Gesunde ältere Menschen

In Japan beruht „social Distancing“ auf Freiwilligkeit, wie auch in Südkorea, Hongkong oder Schweden. Auch Restaurants und Geschäfte blieben offen, Schulen waren nur teilweise geschlossen. Genug Gelegenheit sich zu infizieren.

Nach allen bisherigen Erfahrungen sterben eben keineswegs gesunde ältere Menschen , sondern häufig solche mit den erwähnten Erkrankungen. Also in Europa sterben meist Menschen über 80 mit einer oder mehreren gefährlichen Krankheiten.

Das ist in Japan auch so, nur um den Faktor 20 weniger.

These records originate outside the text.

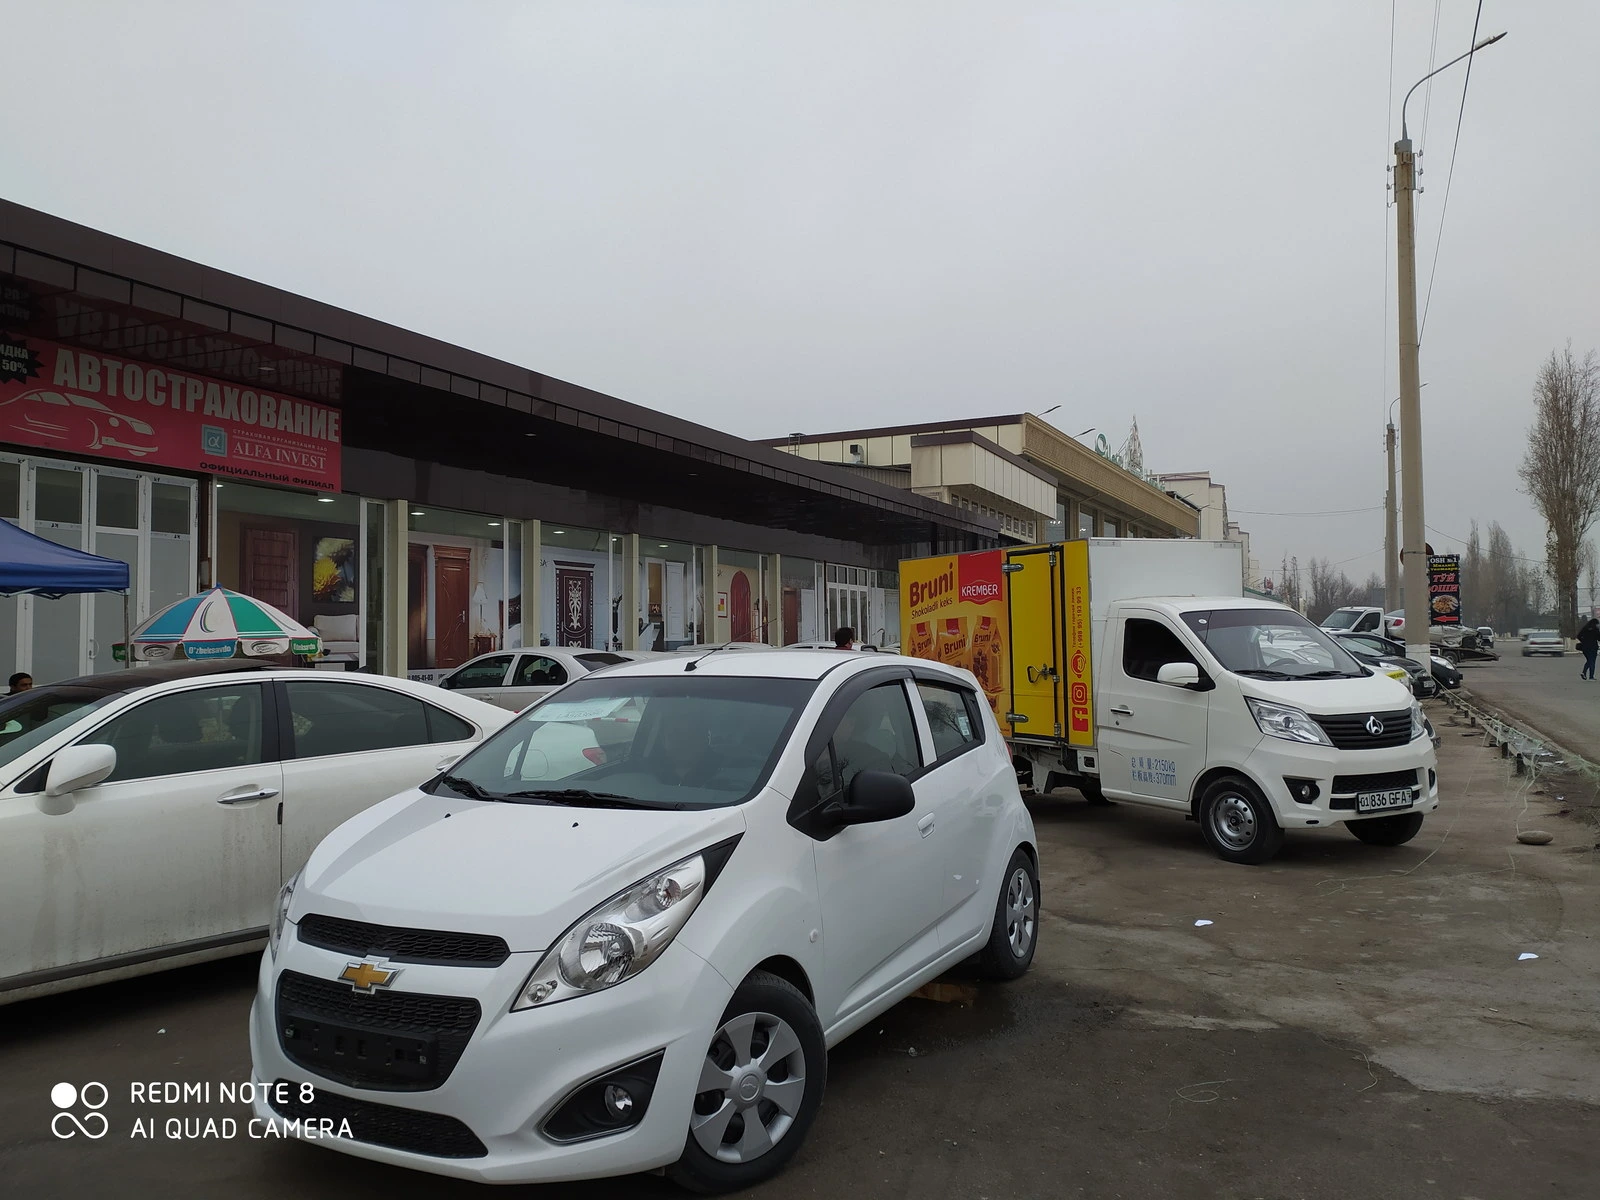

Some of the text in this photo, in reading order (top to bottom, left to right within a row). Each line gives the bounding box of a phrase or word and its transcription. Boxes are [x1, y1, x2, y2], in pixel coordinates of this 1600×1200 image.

[2, 359, 27, 374] 50%
[54, 348, 340, 443] АВТОСТРАХОВАНИЕ
[234, 441, 326, 470] ALFA INVEST
[200, 462, 335, 490] ОФИЦИАЛЬНЫЙ ФИЛИАЛ
[910, 562, 953, 608] Bruni
[961, 584, 998, 597] KREMBER
[912, 597, 952, 619] Shokoladli keks
[917, 634, 932, 652] Bruni
[944, 634, 966, 654] Bruni
[974, 631, 992, 643] Bruni
[1370, 793, 1387, 807] 836
[1388, 791, 1407, 805] GFA
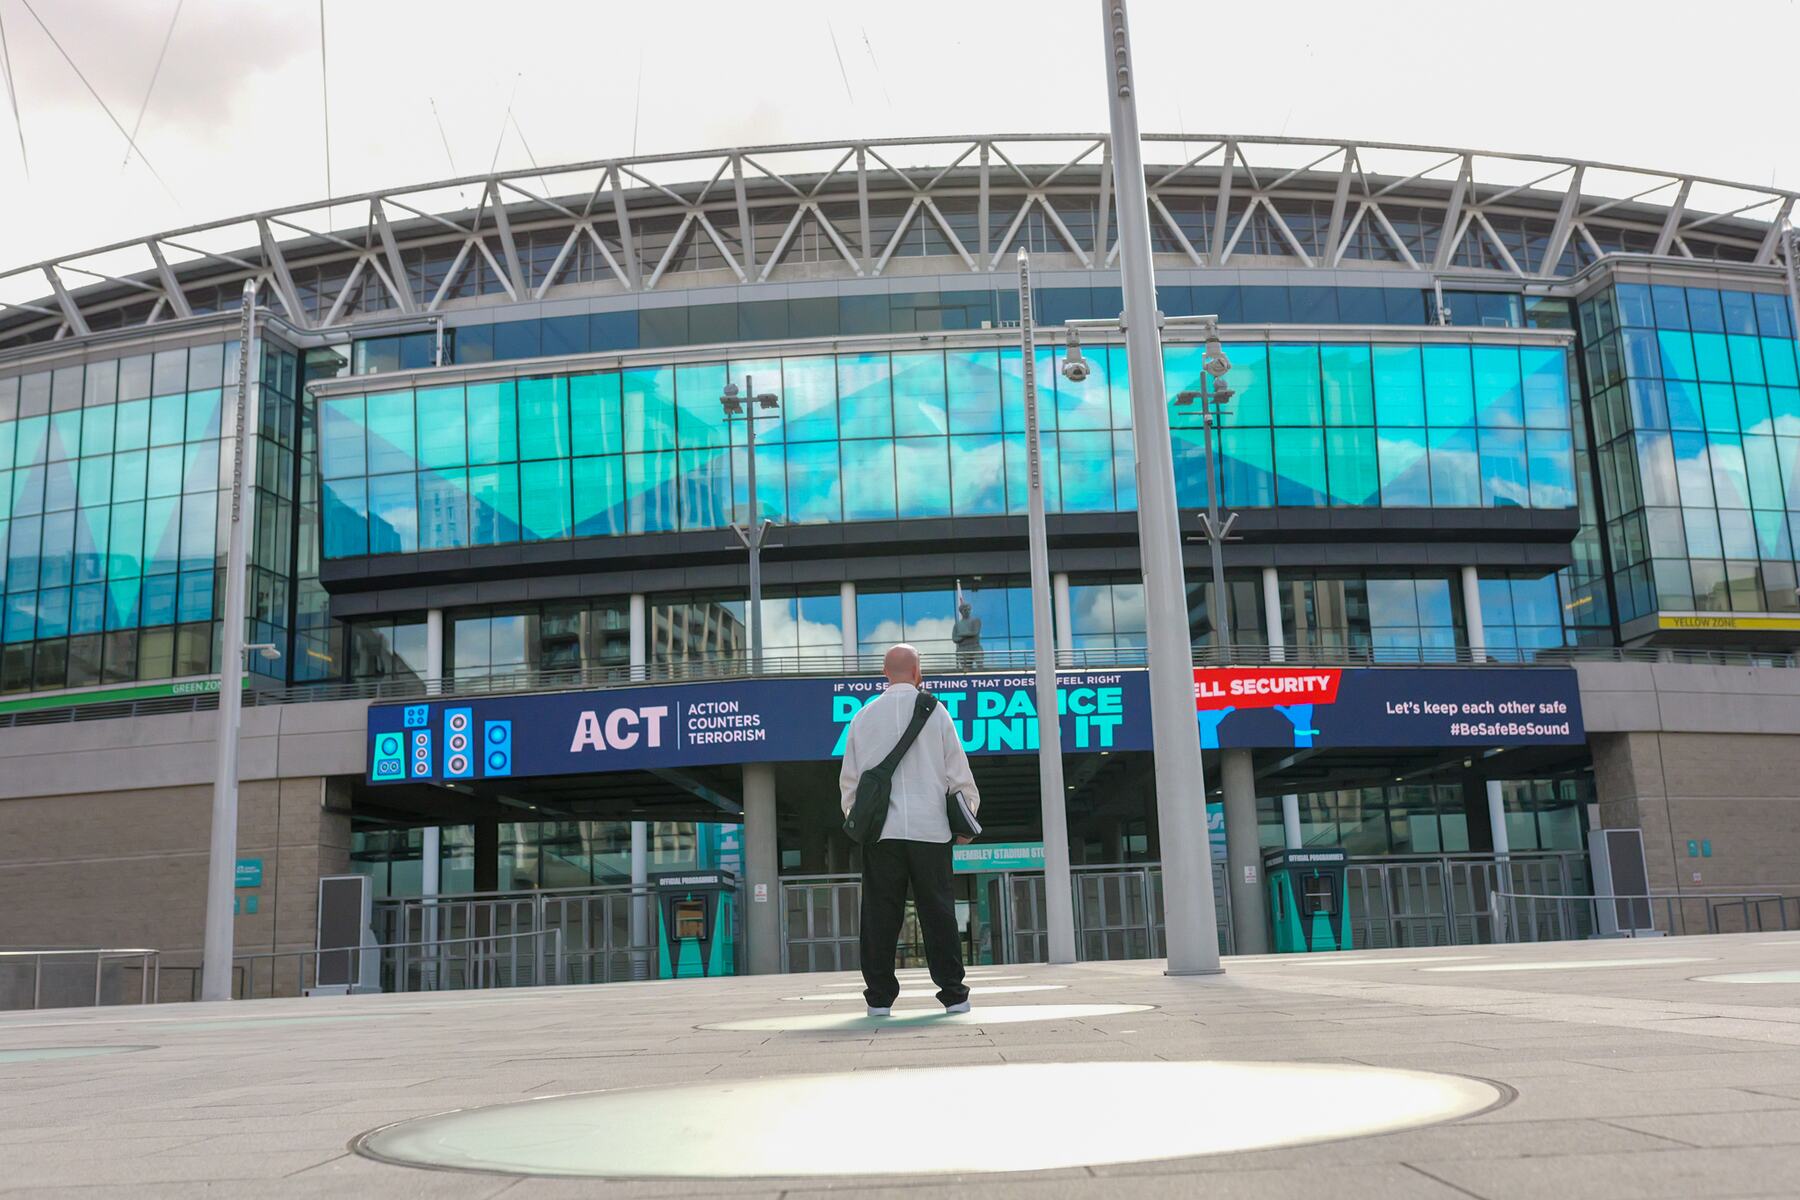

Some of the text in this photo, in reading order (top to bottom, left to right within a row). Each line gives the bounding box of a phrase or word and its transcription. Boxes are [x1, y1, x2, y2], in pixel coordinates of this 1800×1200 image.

[1673, 617, 1737, 628] YELLOW ZONE
[172, 681, 222, 694] GREEN ZO
[834, 675, 1121, 692] IF YOU SE METHING THAT DOES FEEL RIGHT
[1230, 675, 1331, 695] SECURITY
[688, 701, 739, 715] ACTION
[1386, 701, 1567, 716] Let's keep each other safe
[570, 706, 668, 752] ACT
[688, 714, 760, 730] COUNTERS
[1450, 722, 1570, 736] #BeSafeBeSound
[688, 729, 766, 745] TERRORISM
[1075, 715, 1123, 748] IT
[954, 849, 992, 860] WEMBLEY
[1031, 847, 1045, 858] STO
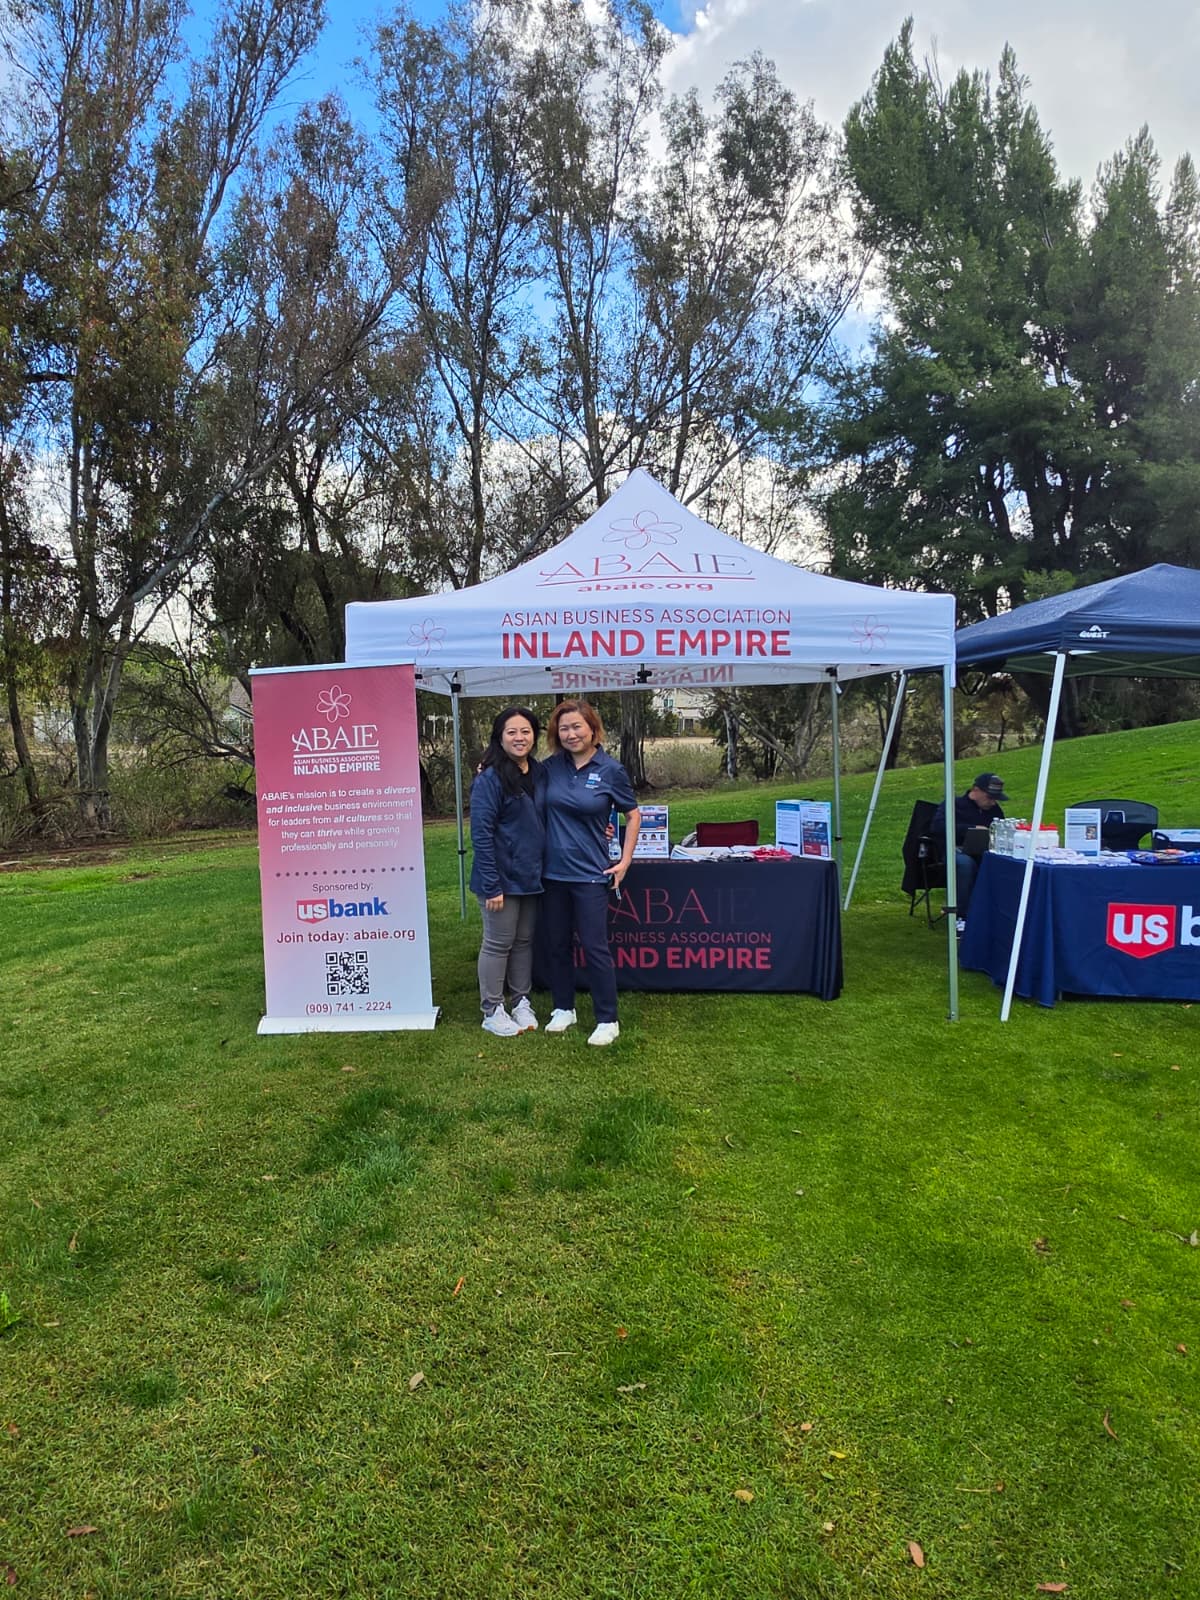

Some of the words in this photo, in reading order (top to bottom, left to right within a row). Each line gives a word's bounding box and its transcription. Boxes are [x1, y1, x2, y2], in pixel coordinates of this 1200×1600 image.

[539, 551, 753, 582] ABAIE
[577, 581, 714, 592] abaie.org
[502, 610, 557, 627] ASIAN
[563, 608, 654, 625] BUSINESS
[660, 608, 791, 624] ASSOCIATION
[502, 629, 645, 660] INLAND
[656, 629, 791, 657] EMPIRE
[291, 724, 379, 752] ABAIE
[293, 758, 311, 766] ASIAN
[341, 754, 380, 763] ASSOCIATION
[293, 763, 338, 776] INLAND
[339, 761, 381, 773] EMPIRE
[261, 791, 295, 801] ABAIE's
[296, 790, 327, 799] mission
[329, 789, 337, 797] is
[338, 789, 347, 797] to
[348, 788, 375, 796] create
[384, 786, 417, 795] diverse
[266, 805, 283, 814] and
[284, 803, 323, 813] inclusive
[324, 802, 361, 811] business
[362, 799, 414, 809] environment
[268, 818, 280, 827] for
[281, 817, 311, 826] leaders
[312, 815, 332, 824] from
[333, 814, 345, 823] all
[346, 813, 383, 823] cultures
[395, 812, 412, 820] that
[281, 830, 298, 840] they
[317, 828, 343, 837] thrive
[343, 827, 365, 836] while
[367, 826, 400, 837] growing
[281, 841, 336, 853] professionally
[338, 840, 354, 849] and
[355, 840, 398, 851] personally
[312, 882, 359, 893] Sponsored
[360, 882, 374, 892] by:
[276, 932, 304, 944] Join
[308, 930, 350, 944] today:
[353, 928, 416, 941] abaie.org
[608, 931, 666, 944] USINESS
[670, 932, 772, 944] ASSOCIATION
[667, 947, 772, 969] EMPIRE
[305, 1003, 333, 1016] (909)
[336, 1002, 354, 1012] 741
[366, 1001, 392, 1011] 2224
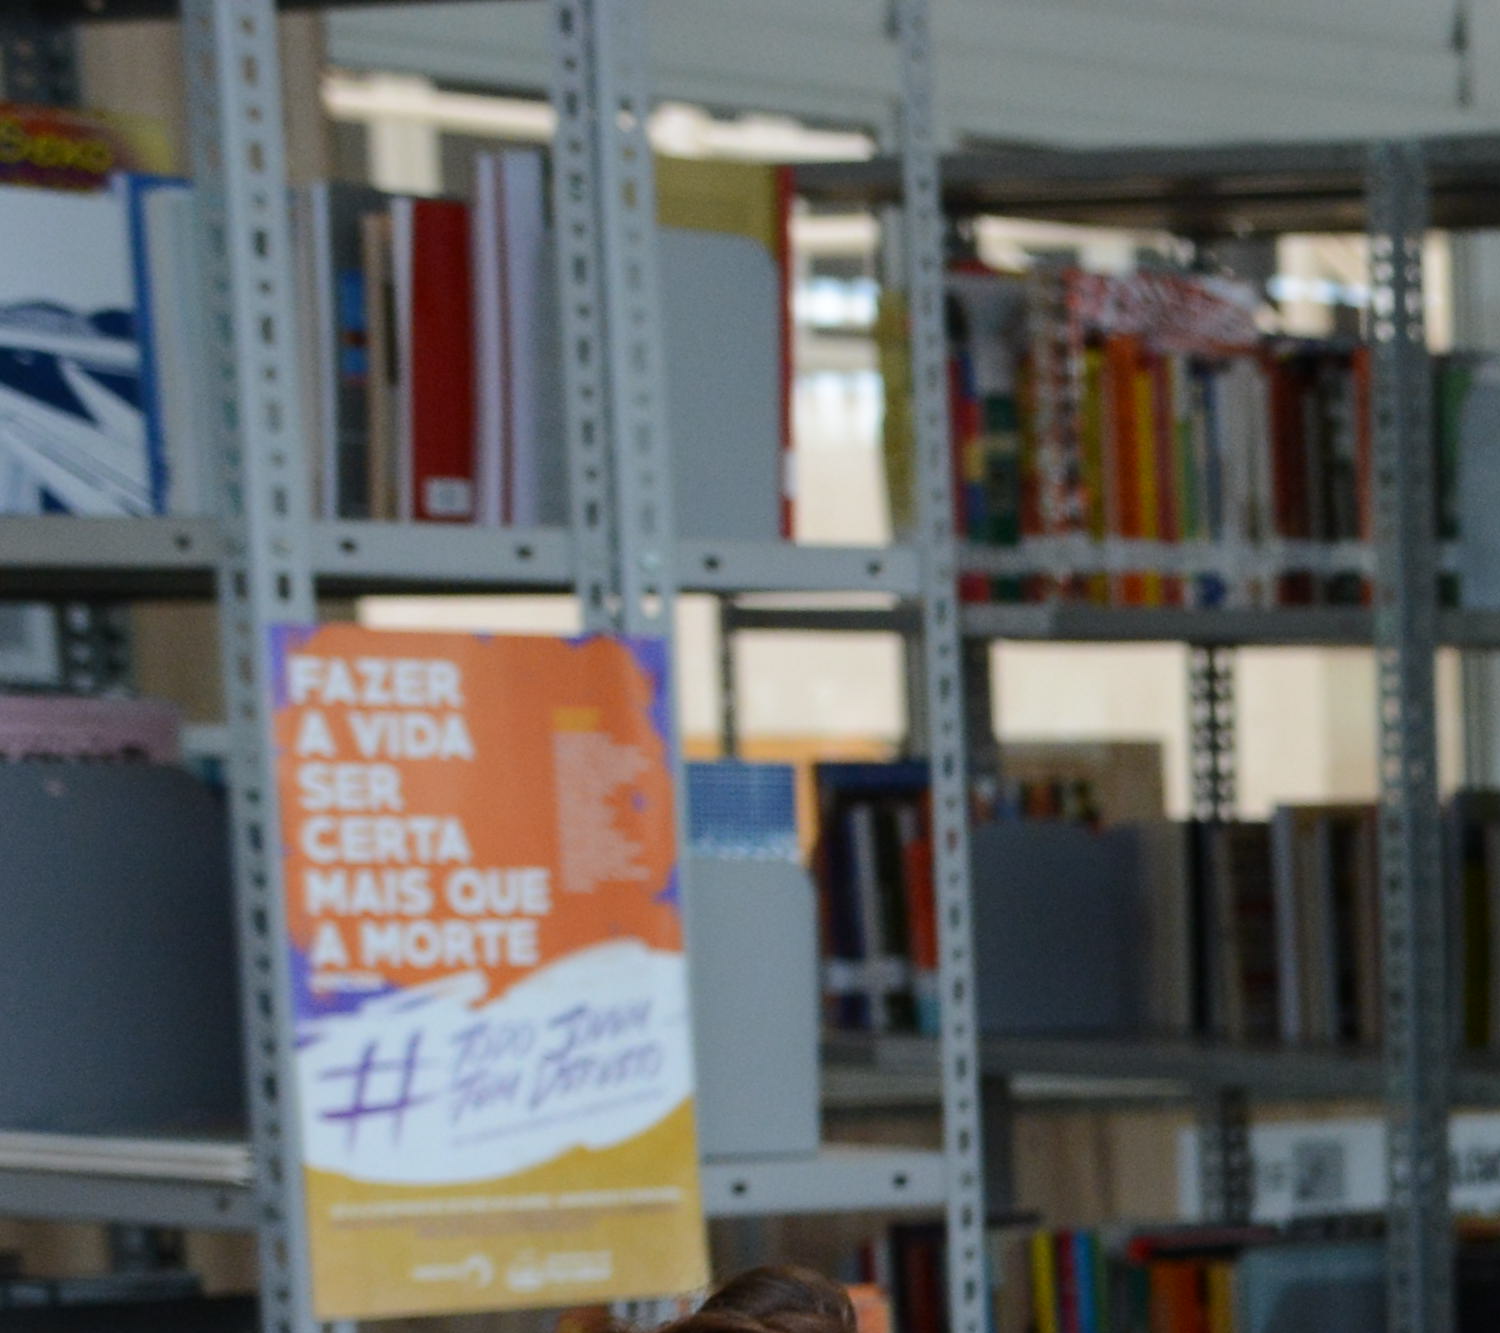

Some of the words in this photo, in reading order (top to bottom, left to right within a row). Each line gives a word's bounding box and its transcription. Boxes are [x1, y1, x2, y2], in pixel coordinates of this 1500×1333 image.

Und das liegt an einer gesünderen Ernährung ohne Getreide und Zucker, aber mit ungeschältem Reis, Fisch, Gemüse und oft Algen. Diese enthalten Jod, so ziemlich alle Vitamine, Omega 3 Fette, alle essenziellen Aminosäuren und Mineralstoffe. Und natürlich wird in Japan gerne Soja und diverse Sojaprodukte wie Natto und Miso gegessen, was ebenfalls sehr gesund ist.

In Österreich wurden die Todesfälle von Zentrum für Medizinische Statistik der Meduni Wien untersucht. Die Sterblichkeit von Covid-19 entspricht in etwa der „normalen“ Sterblichkeit bei Männern und Frauen in den einzelnen Altersklassen. Bis auf etwa 1% betreffen die Todesfälle Personen mit mindesten einer schweren Vorerkrankung. Mit deren Bekämpfung wird das Immunsystem bereits überfordert bzw geschwächt. Solche Vorerkrankungen sind allerdings mit zunehmenden Alter häufiger anzutreffen.

Verurteilung zur Inaktivität schützt nicht, sondern gefährdet

Kommt nun noch reduzierte Bewegung und wenig Aufenthalt im Freien hinzu, dann ist das Immunsystem schwächer und anfälliger für Infektionen.

Unter dem Strich sind ältere Menschen nicht die Risikogruppe, sondern die mit Vorerkrankungen. Verurteilt man ältere Menschen, die gesund sind, zur Inaktivität so schützt man sie nicht, sondern gefährdet sie.